Brought to you by none other than the notorious Airtel Broadband! Details here: How does the FUP affect me?


----------



## nileshgr (Jun 28, 2010)

Mass petition in the court can solve this; it will remove the bloody FUP from all ISPs.
I really wish I had a rifle to kill the person who conceived this damn idea of FUP.


----------



## kalpik (Jun 28, 2010)

Join in on the discussion at #AirtelSucks on twitter


----------



## rhitwick (Jun 28, 2010)

mass petition won't work, they say FUP is already government approved.


----------



## ico (Jun 29, 2010)

We need to get the media involved into this. Otherwise it just won't work.


----------



## gagan007 (Jun 29, 2010)

I am not using Airtel broadband but this "FUP" condition while providing services is just absurd.

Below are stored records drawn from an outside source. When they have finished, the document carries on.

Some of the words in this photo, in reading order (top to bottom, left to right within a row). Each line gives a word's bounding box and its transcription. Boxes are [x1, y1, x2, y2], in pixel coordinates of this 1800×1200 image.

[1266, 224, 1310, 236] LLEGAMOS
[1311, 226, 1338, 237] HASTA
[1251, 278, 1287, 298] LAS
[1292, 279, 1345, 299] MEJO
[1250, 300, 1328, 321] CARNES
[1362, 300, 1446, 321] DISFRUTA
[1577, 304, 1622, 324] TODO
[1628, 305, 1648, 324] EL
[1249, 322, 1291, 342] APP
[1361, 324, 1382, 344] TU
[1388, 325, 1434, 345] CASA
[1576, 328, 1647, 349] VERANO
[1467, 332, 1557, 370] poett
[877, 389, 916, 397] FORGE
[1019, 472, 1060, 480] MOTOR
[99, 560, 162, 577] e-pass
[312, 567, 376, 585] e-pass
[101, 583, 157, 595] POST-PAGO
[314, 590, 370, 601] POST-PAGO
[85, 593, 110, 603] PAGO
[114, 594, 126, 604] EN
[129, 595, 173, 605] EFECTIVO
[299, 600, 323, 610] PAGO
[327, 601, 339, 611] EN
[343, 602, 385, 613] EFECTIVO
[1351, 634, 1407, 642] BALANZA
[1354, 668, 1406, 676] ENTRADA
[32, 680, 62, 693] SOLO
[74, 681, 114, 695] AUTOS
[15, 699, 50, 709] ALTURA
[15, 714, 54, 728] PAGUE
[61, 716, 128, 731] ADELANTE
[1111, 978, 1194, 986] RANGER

It is agreeable that mass petitions may not work to revert it but we can atleast spread awareness that this is not in favor of the customer.


----------



## dheeraj_kumar (Jul 3, 2010)

@rhitwick

FUP is NOT government approved. Read this:

TRAI: Filed for RTI application regarding Broadband | Broadband Blog

And he hasn't posted if he had received a reply to the petition.

Last time I read, TRAI is keeping silent on this issue, without providing a proper response. 

Oh, wait. In India, keeping silent DOES mean it approved FUP.

Never mind


----------